Questionnaire can help with early identification of autism

A growing body of research suggests that early intervention is important for helping children with autism spectrum disorders. But early identification, which is critical for early intervention, has been somewhat elusive.

A new questionnaire, designed to be completed by parents in the pediatrician’s office during the one-year-old well-baby checkup, may help. Researchers from the University of California at San Diego had pediatricians distribute the 24-question survey to parents of 10,479 babies. The test identified 1,371 babies as potentially having autism or other developmental delay.
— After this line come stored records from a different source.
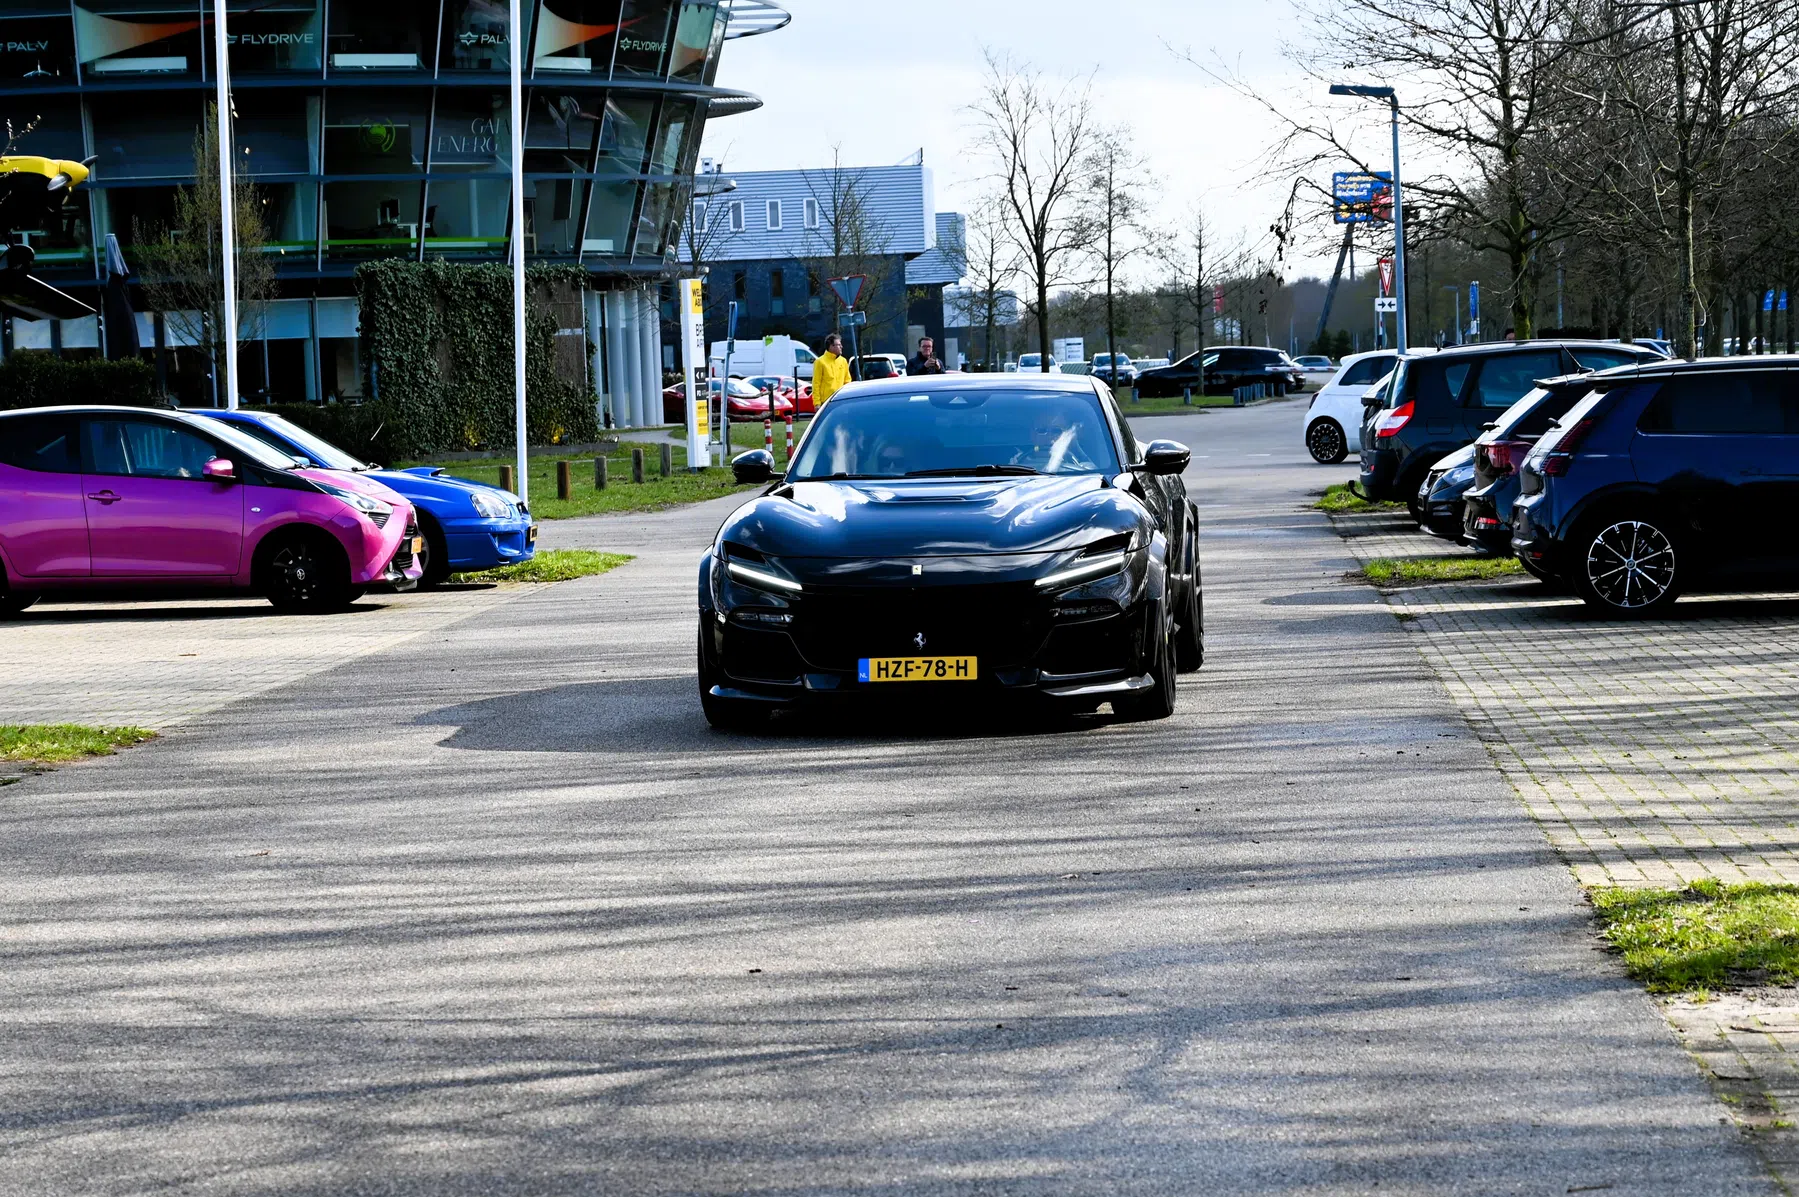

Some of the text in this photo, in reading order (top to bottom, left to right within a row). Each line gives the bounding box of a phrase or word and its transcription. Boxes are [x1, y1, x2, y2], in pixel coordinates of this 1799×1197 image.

[241, 33, 314, 44] FLYDRIVE
[632, 40, 667, 52] FLYDRIVE
[437, 135, 504, 153] ENERG
[877, 659, 968, 678] HZF-78-H
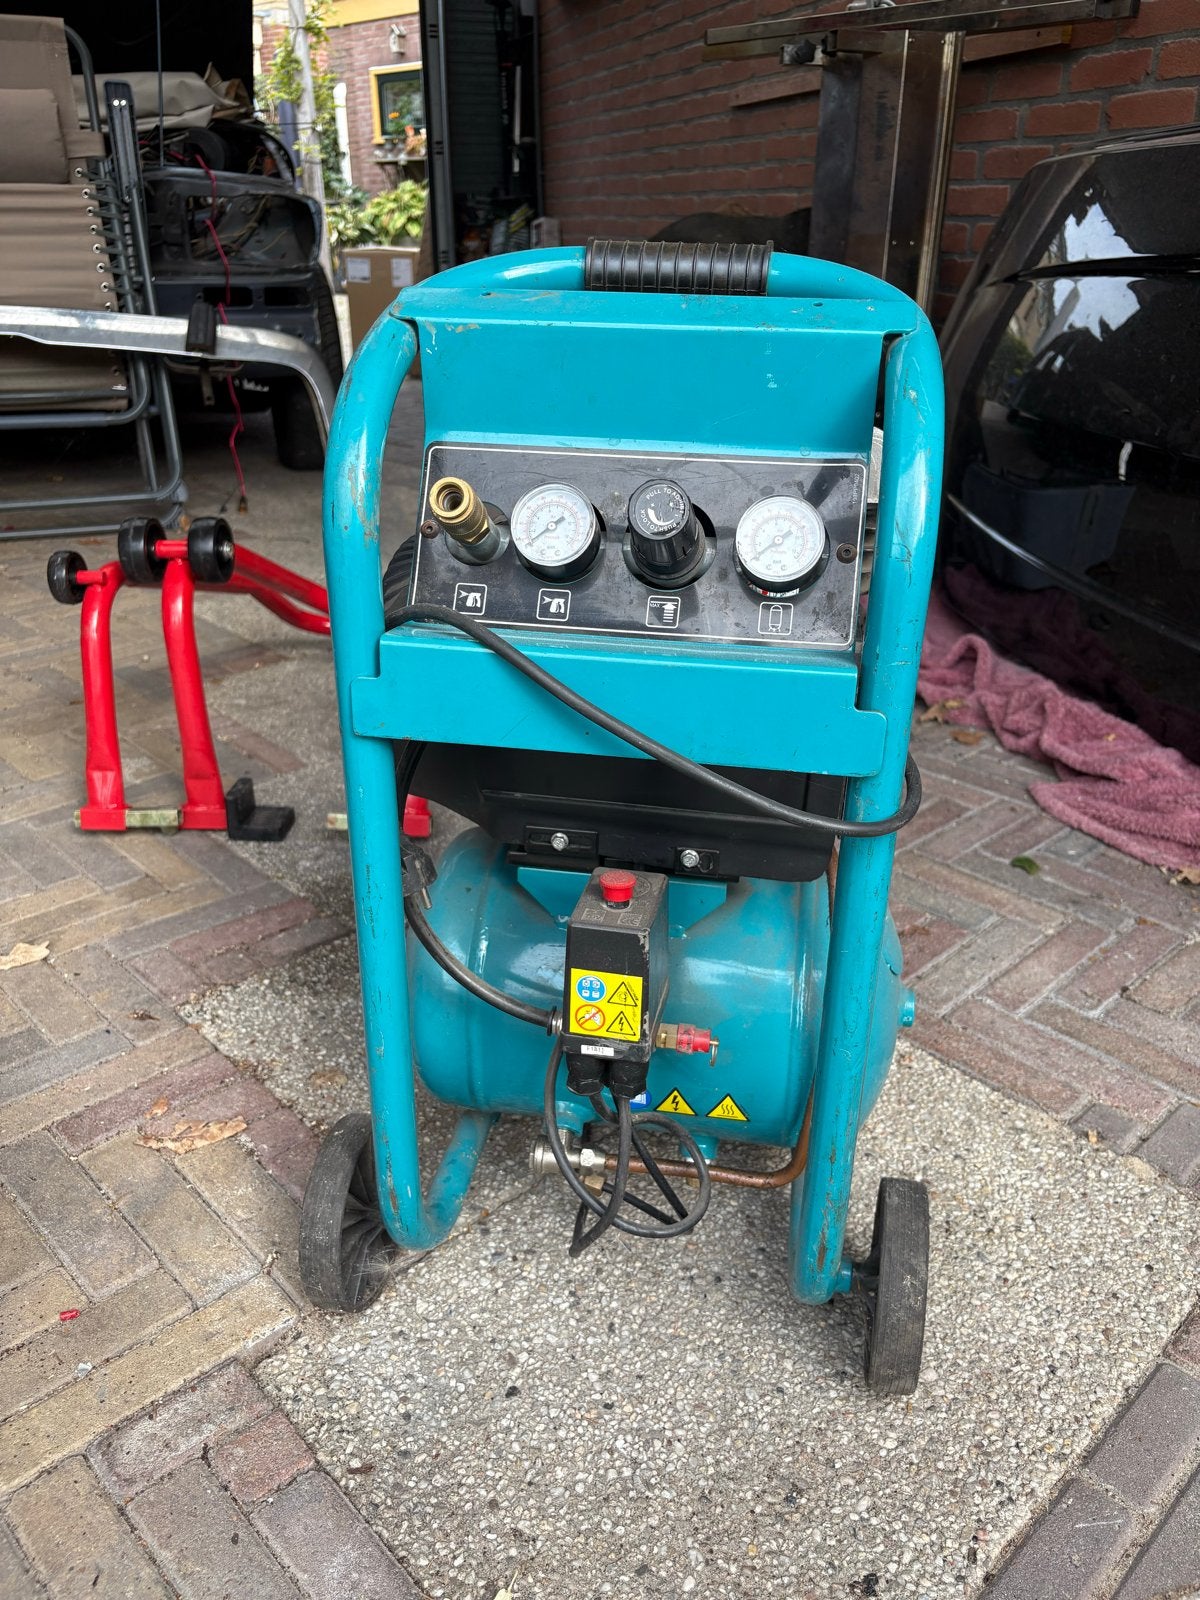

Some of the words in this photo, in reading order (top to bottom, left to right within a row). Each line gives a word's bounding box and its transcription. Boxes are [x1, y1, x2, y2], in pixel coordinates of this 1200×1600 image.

[646, 488, 661, 500] PULL
[640, 509, 650, 526] LOCK
[650, 524, 660, 532] TO
[660, 522, 677, 532] PUSH
The researchers tracked 184 of those, of whom 32 were subsequently were found to have autism spectrum disorder, 56 had language delays, 9 had developmental delays and 36 had other problems.
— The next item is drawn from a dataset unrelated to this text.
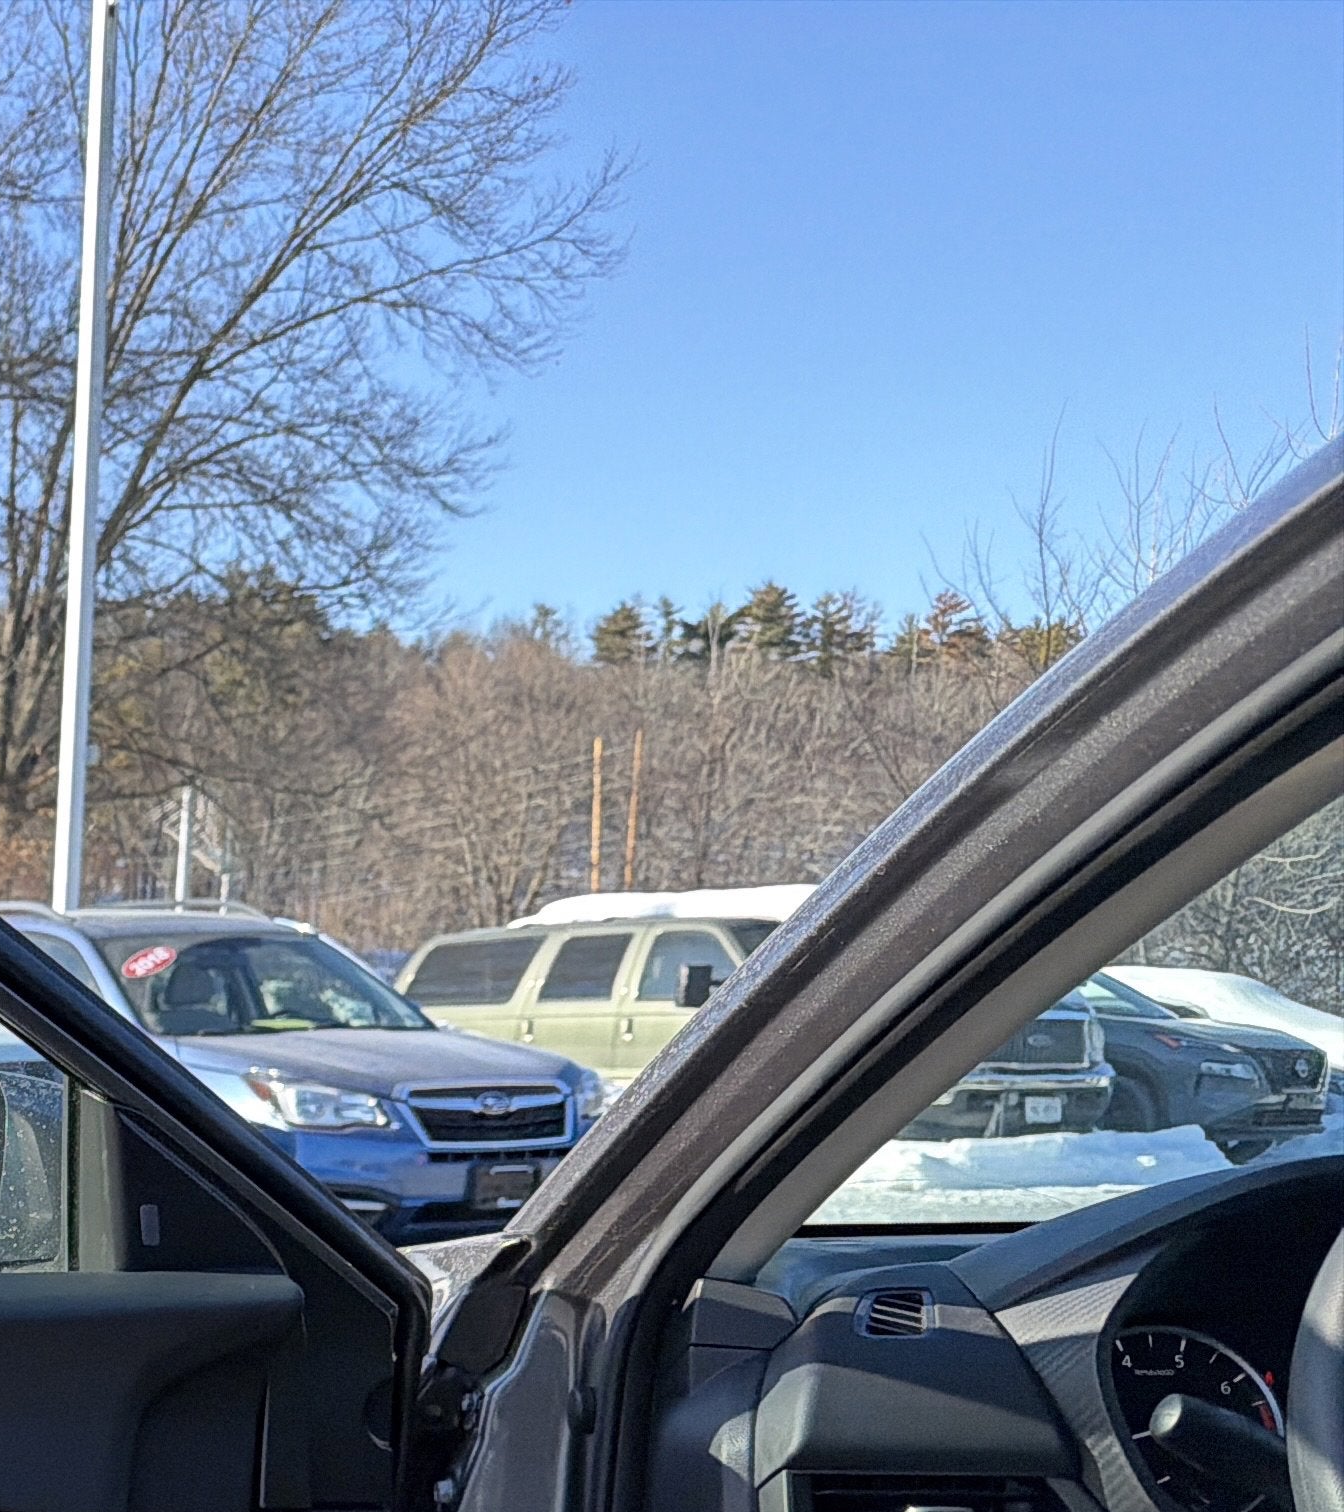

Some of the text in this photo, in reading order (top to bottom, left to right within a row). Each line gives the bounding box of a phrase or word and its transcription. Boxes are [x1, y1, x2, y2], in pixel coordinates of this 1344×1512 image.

The survey is promising, but there was one challenge: 25% of the babies identified as potentially having developmental delays ended up on a normal development path. Such a high false-positive rate could result in a lot of unnecessary anxiety for parents.

The New York Times recently highlighted the research, which was published in the Journal of Pediatrics:

Although many pediatricians don’t screen 1-year-olds for autism, there is a growing body of evidence suggesting early intervention can be effective, said Dr. Karen Pierce, the lead author of the study — published Thursday in The Journal of Pediatrics — and assistant director of the Autism Center of Excellence at University of California, San Diego.

The checklist poses simple questions, like whether a baby responds to his or her name, whether parents can tell when an infant is happy or upset, and whether a child engages in pretend play with dolls or stuffed animals.